Falta de consenso emperra votação de quebra de sigilo em CPI

Parlamentares do chamado G7, como ficou chamado o grupo de senadores de oposição ao governo na CPI da covid, têm apresentado uma série de requerimentos de quebra de sigilo telefônico dos possíveis participantes do suposto gabinete paralelo. A estratégia para votação desses requerimentos, incluindo a escolha de quais priorizar, no entanto, ainda não está ajustada entre os membros do colegiado, o que tem travado o processo.  
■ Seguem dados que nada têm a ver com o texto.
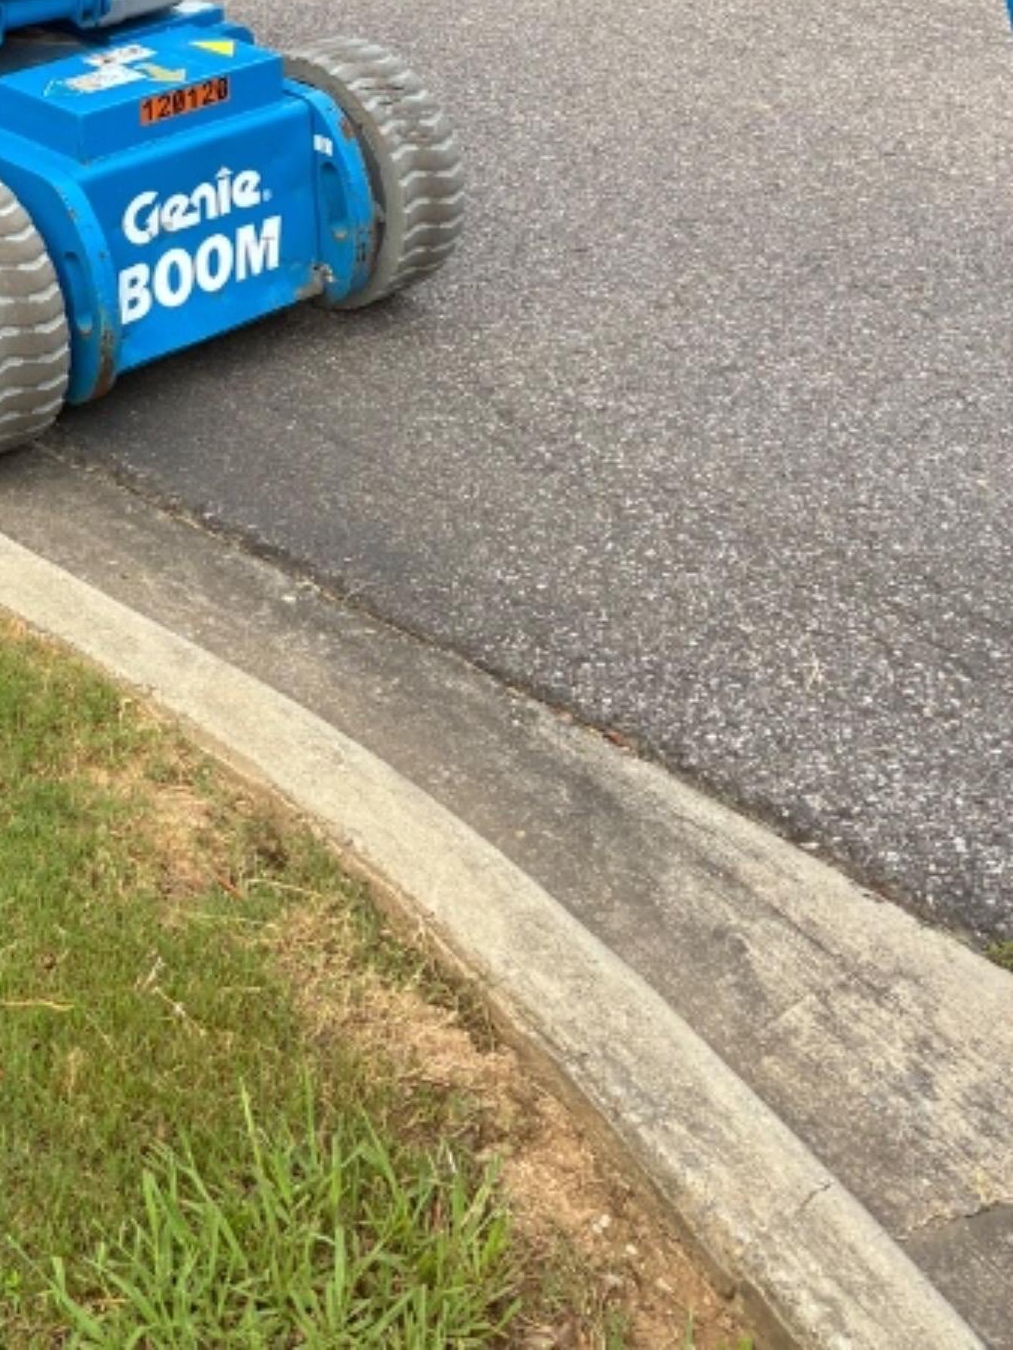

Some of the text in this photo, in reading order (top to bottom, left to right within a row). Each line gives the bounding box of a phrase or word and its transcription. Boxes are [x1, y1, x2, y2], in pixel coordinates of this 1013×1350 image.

De acordo com o senador Alessandro Vieira (Cidadania/SE), os requerimentos que têm maioria para aprovação nesta semana são os novos requerimentos de convocação e a expectativa é de que a médica  que foi cotada para ser ministra da saúde, Ludhmila Hajjar, esteja entre as próximas convocadas.

O colegiado retoma a agenda a partir desta terça-feira (8) com o depoimento do ministro da Saúde, Marcelo Queiroga. Ele foi reconvocado para prestar esclarecimentos sobre a decisão de sediar a Copa América no Brasil e a iminência da terceira onda da pandemia no país.
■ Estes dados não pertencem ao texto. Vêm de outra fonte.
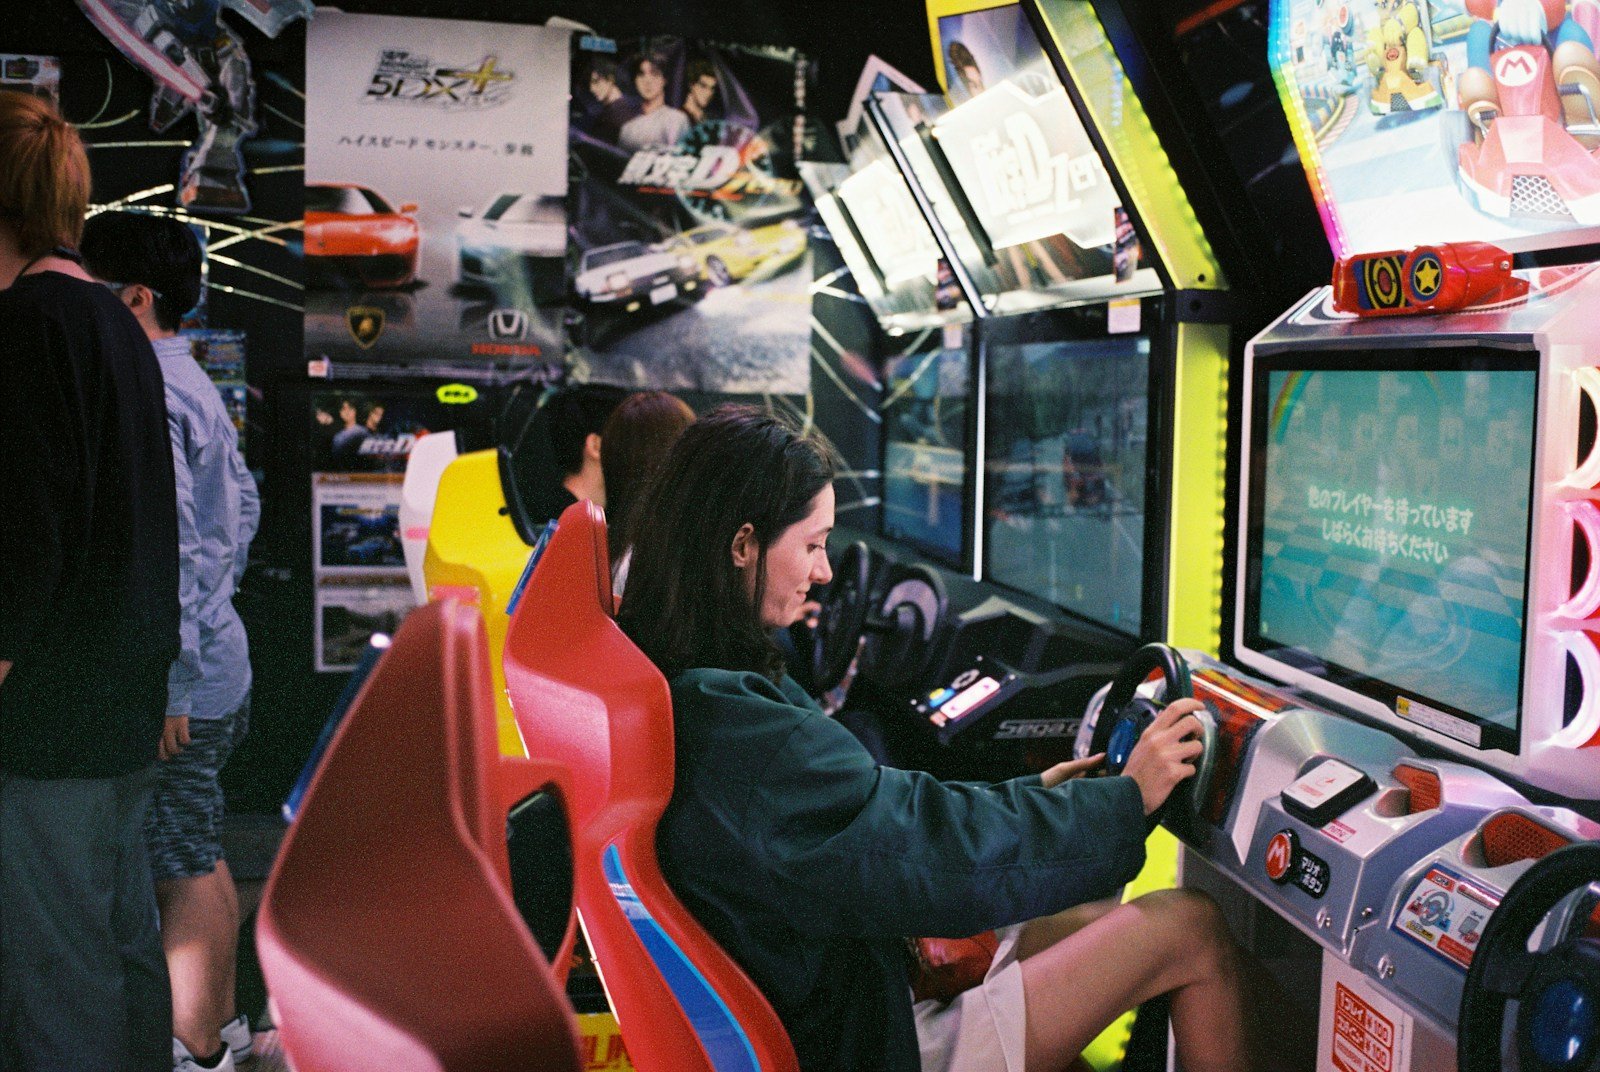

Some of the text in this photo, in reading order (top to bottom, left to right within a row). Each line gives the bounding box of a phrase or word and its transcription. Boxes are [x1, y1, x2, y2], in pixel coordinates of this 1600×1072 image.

[1322, 517, 1449, 564] しばらくお待ちください
[1301, 856, 1321, 878] マリオ
[1302, 873, 1323, 894] ボタン
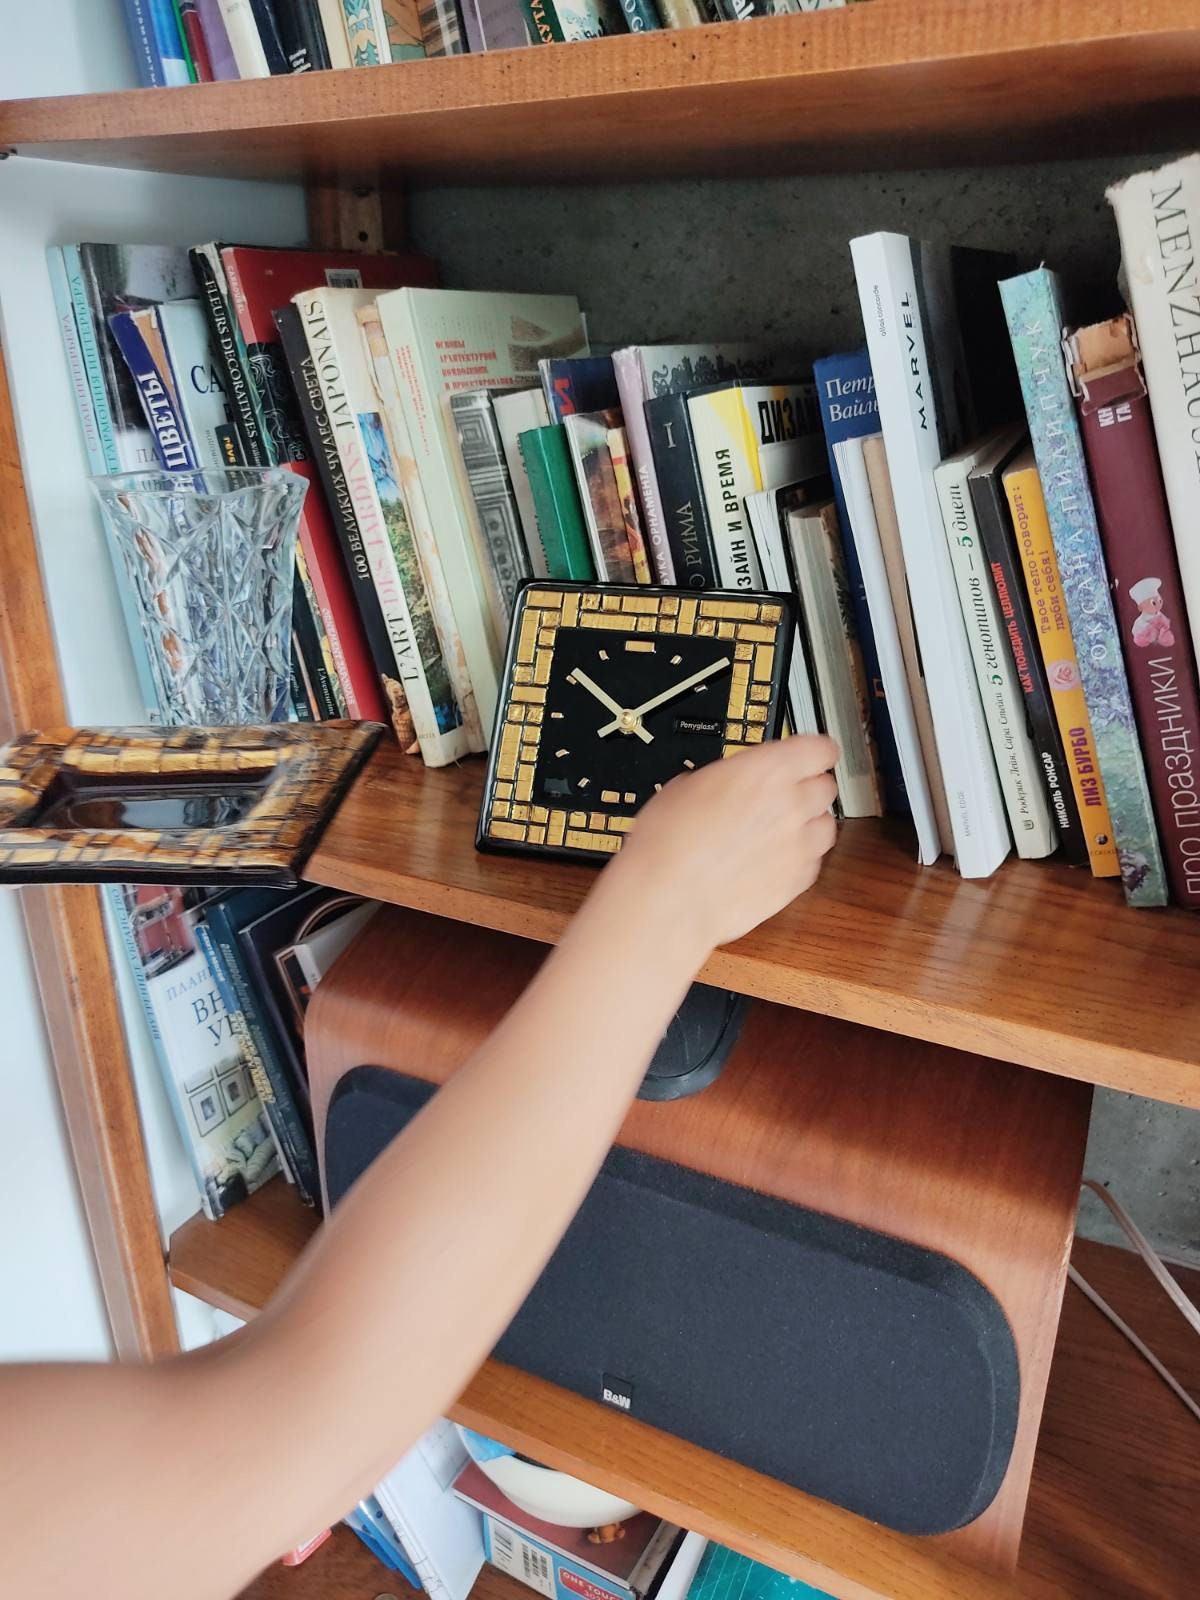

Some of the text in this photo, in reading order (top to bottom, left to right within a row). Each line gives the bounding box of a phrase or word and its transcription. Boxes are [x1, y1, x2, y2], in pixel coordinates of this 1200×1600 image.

[71, 276, 98, 369] ИНТЕРЬЕРА
[204, 280, 228, 334] FLEURS
[222, 340, 257, 438] DECORATIVES
[435, 340, 465, 349] ОСНОВЫ
[439, 350, 497, 363] АРХИТЕКТУРНОЙ
[901, 292, 928, 430] MARVEL
[1150, 180, 1200, 484] MENZHAU
[306, 300, 354, 431] JAPONAIS
[138, 371, 188, 468] ЦВЕТЫ
[758, 385, 822, 443] ДИЗАЙ
[300, 357, 369, 579] 100 ВЕЛИКИХ ЧУДЕС СВЕТА
[344, 441, 382, 550] JARDINS
[639, 465, 661, 544] ОРНАМЕНТА
[715, 449, 739, 512] ВРЕМЯ
[950, 484, 968, 532] диет
[1025, 321, 1107, 660] ОКСАНА ПИЛИПЧУК
[676, 501, 703, 566] РИМА
[728, 521, 741, 531] И
[961, 534, 974, 550] 5
[1012, 486, 1052, 633] Твое тело говорит:
[969, 578, 996, 669] генотипов
[991, 562, 1035, 693] КАК ПОБЕДИТЬ ЦЕЛЛЮЛИТ
[1042, 550, 1065, 631] люби себя!
[388, 613, 418, 681] L'ART
[988, 673, 1003, 686] 5
[680, 720, 715, 731] Ponyglass
[1147, 656, 1200, 828] праздники
[1042, 752, 1071, 828] НИКОЛЬ РОНСАР
[1069, 727, 1101, 808] ЛИЗ БУРБО
[602, 1388, 632, 1409] B&W
[562, 1571, 585, 1589] ONE
“A grande questão do depoimento do Queiroga é identificar qual é o plano ou a política pública que o governo efetivamente vai executar, porque se o  ministro não tiver liberdade técnica para executá-la vai ter o mesmo destino dos outros que ficaram inviabilizados na pasta”, disse o senador.

A autonomia de Marcelo Queiroga voltou ao radar dos senadores a partir do depoimento da médica Luana Araújo na última quarta-feira (2). O senador acredita que a não efetivação da infectologista para assumir a secretaria extraordinária de combate à covid-19 na pasta foi por uma questão ideológica e política. “Isso mostra a falta de organização e de prioridade dentro do ministério”, conclui.